TRY IT
Please set down each of the lines below once more, exactly, omitting all pictures.

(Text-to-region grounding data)
↓↓↓
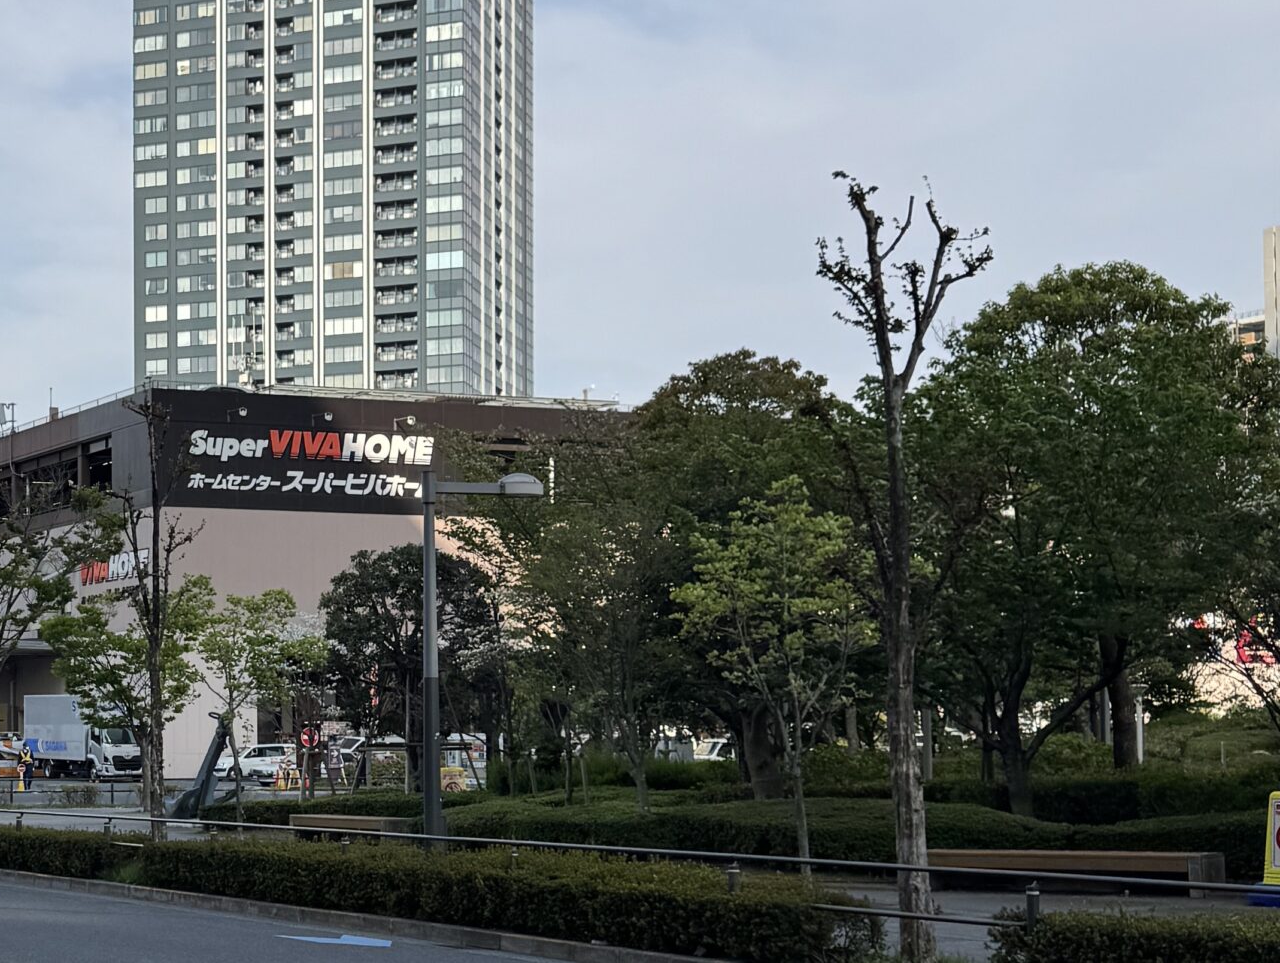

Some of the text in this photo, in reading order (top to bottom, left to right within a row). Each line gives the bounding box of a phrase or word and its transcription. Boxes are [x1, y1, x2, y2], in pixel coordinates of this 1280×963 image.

[188, 429, 435, 466] Super VIVAHOME
[187, 472, 281, 491] ホームセンター
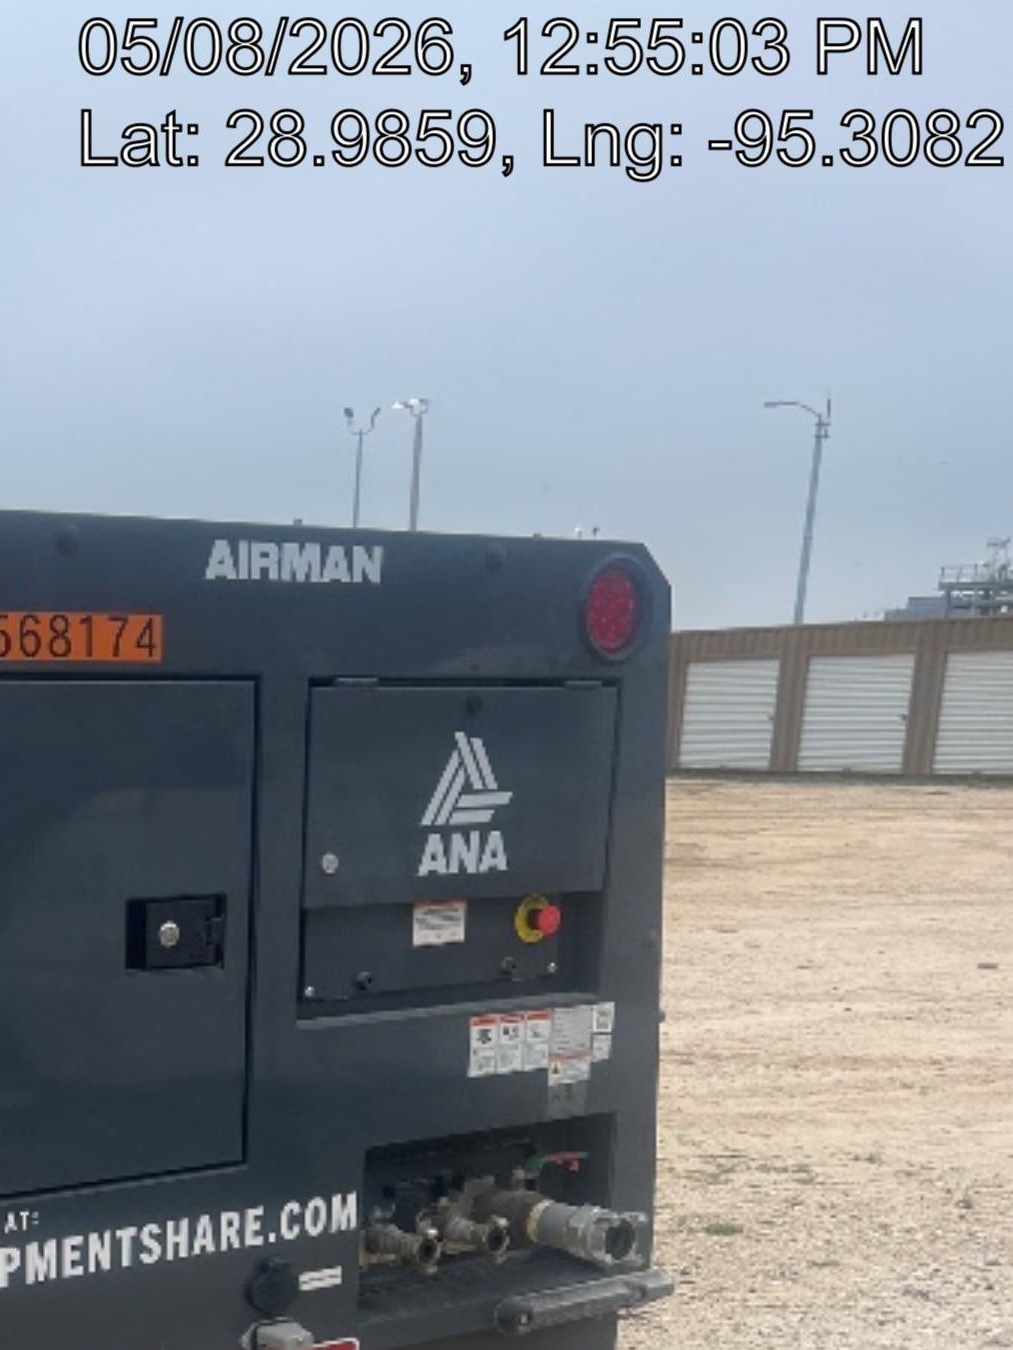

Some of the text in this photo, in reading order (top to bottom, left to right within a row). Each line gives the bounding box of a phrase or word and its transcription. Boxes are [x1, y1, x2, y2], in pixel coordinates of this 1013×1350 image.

[205, 539, 384, 585] AIRMAN
[416, 830, 508, 877] ANA
[4, 1210, 40, 1235] AT:
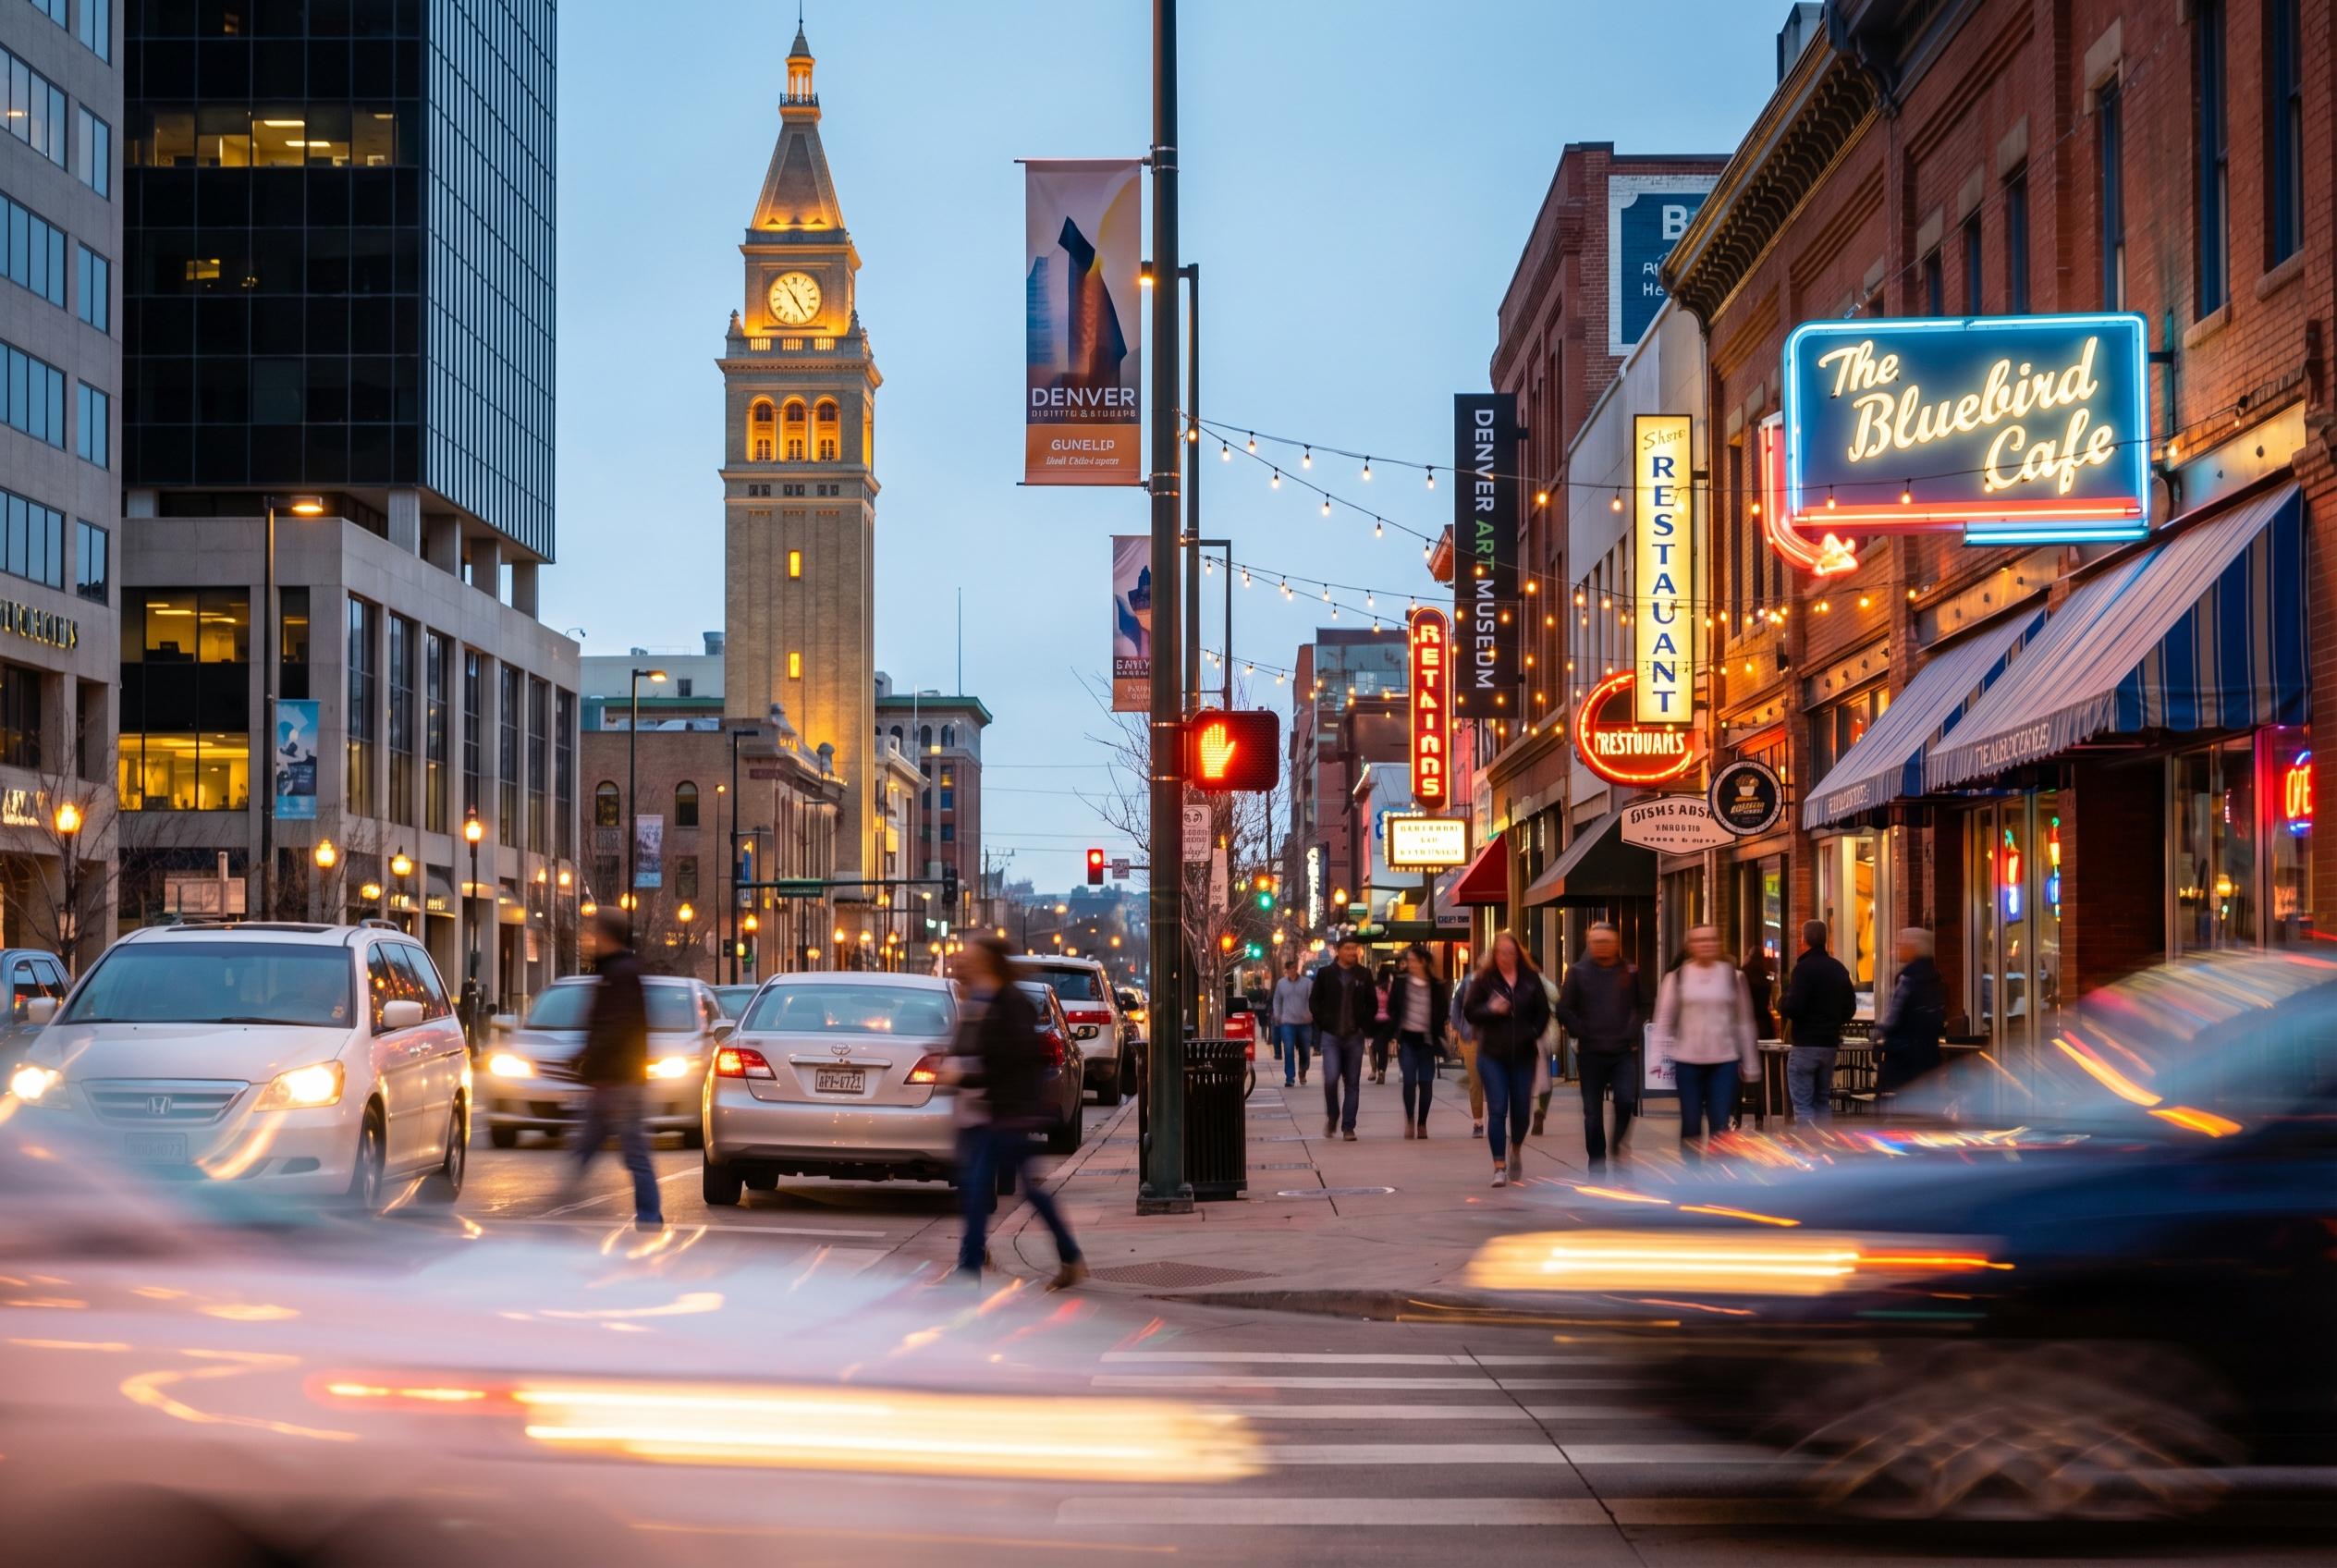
↑↑↑
EXERCISE SOLUTION
Some of the text in this photo, in reading order (top to bottom, left to right within a row). Each line gives the bounding box of a phrase or word and its transcription. Boxes are [x1, y1, x2, y2], in pixel coordinates of this 1280×963 image.

[188, 429, 435, 466] Super VIVAHOME
[187, 472, 281, 491] ホームセンター

Some of the text in this photo, in reading order (top to bottom, left to right within a row). Each line gives the bounding box of a phrase or word and its transcription. Boxes are [x1, y1, x2, y2], in pixel coordinates of this 1013×1350 image.

[205, 539, 384, 585] AIRMAN
[416, 830, 508, 877] ANA
[4, 1210, 40, 1235] AT:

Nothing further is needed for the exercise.